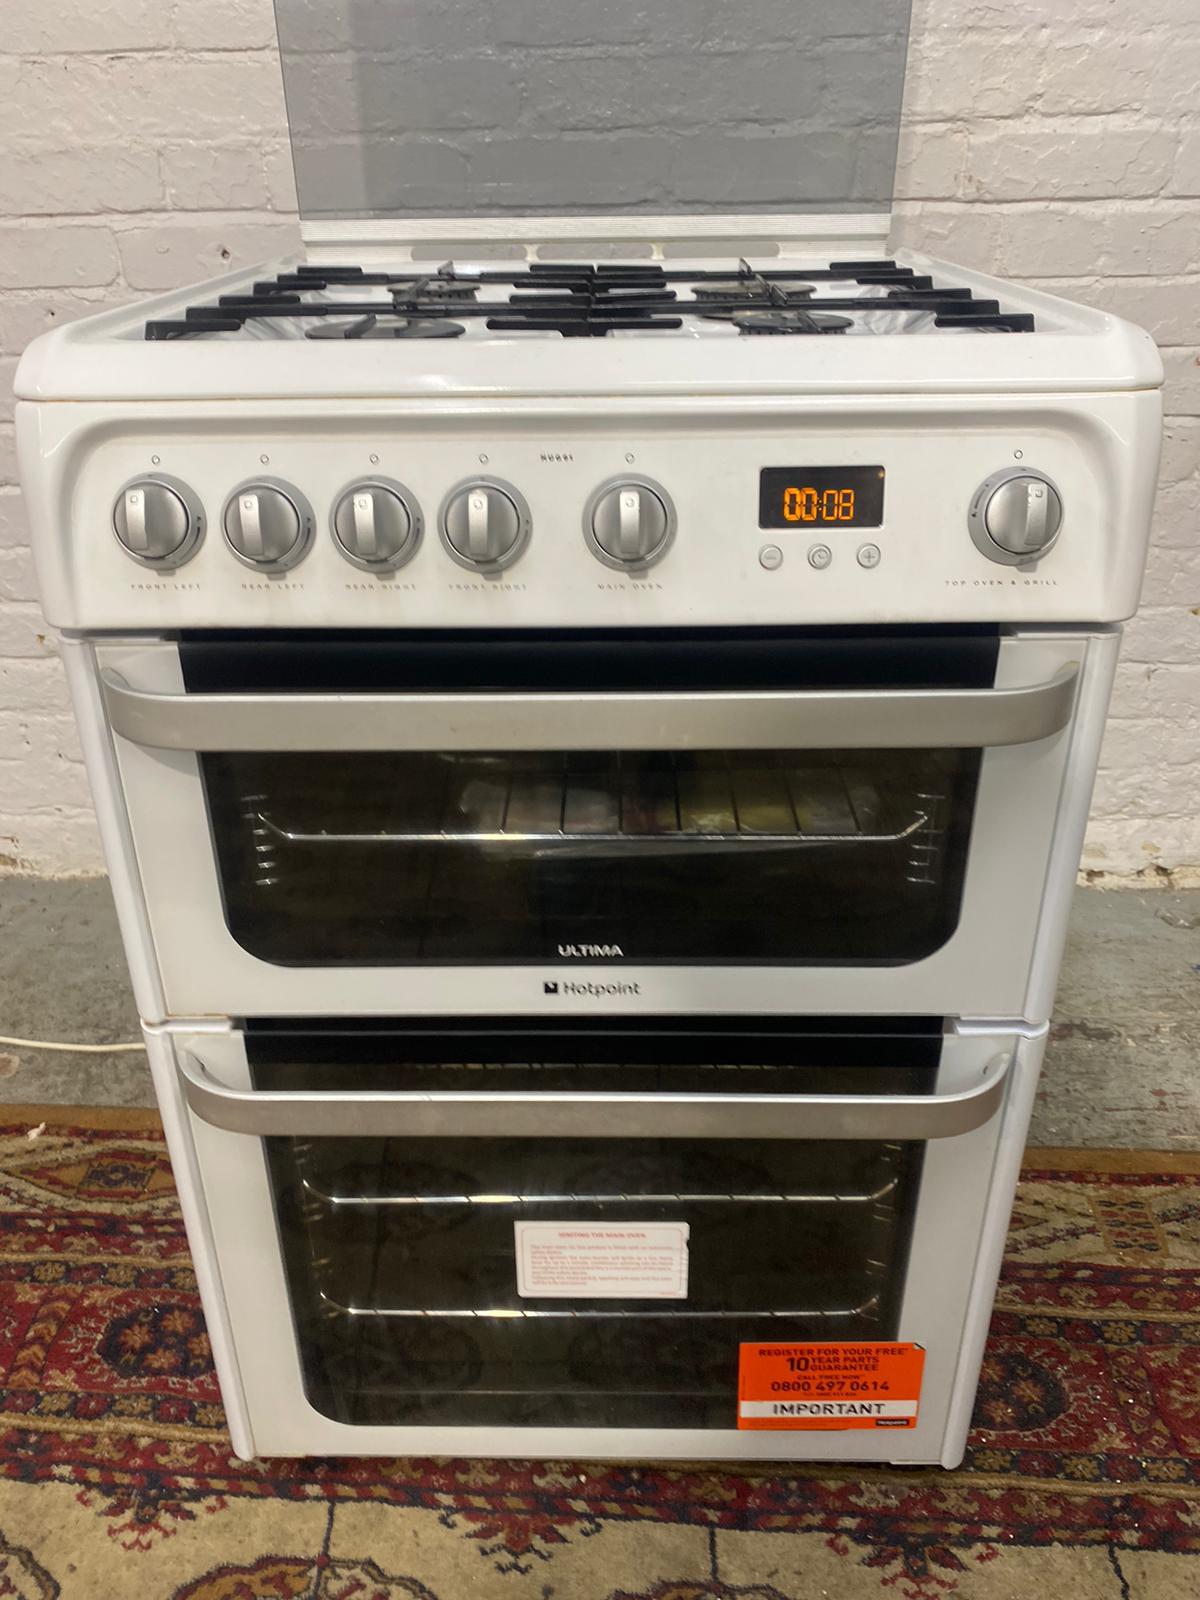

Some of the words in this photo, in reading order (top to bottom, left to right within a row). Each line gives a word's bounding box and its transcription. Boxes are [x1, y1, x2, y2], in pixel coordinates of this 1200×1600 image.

[783, 487, 855, 521] 00:08
[381, 583, 416, 591] RIGHT
[492, 583, 527, 591] RIGHT
[558, 944, 624, 957] ULTIMA
[563, 981, 641, 999] Hotpoint
[787, 1356, 810, 1371] 10
[771, 1381, 811, 1391] 0800
[816, 1381, 846, 1391] 497
[850, 1381, 889, 1391] 0614
[773, 1403, 886, 1415] IMPORTANT

▬▬▬

◆ EXERCISE OBJECTIVE ◆
Reprint the entries above exactly, images removed.

◆ SOLUTION TO THIS PROBLEM ◆
Some of the words in this photo, in reading order (top to bottom, left to right within a row). Each line gives a word's bounding box and its transcription. Boxes are [x1, y1, x2, y2], in pixel coordinates of this 1200×1600 image.

[783, 487, 855, 521] 00:08
[381, 583, 416, 591] RIGHT
[492, 583, 527, 591] RIGHT
[558, 944, 624, 957] ULTIMA
[563, 981, 641, 999] Hotpoint
[787, 1356, 810, 1371] 10
[771, 1381, 811, 1391] 0800
[816, 1381, 846, 1391] 497
[850, 1381, 889, 1391] 0614
[773, 1403, 886, 1415] IMPORTANT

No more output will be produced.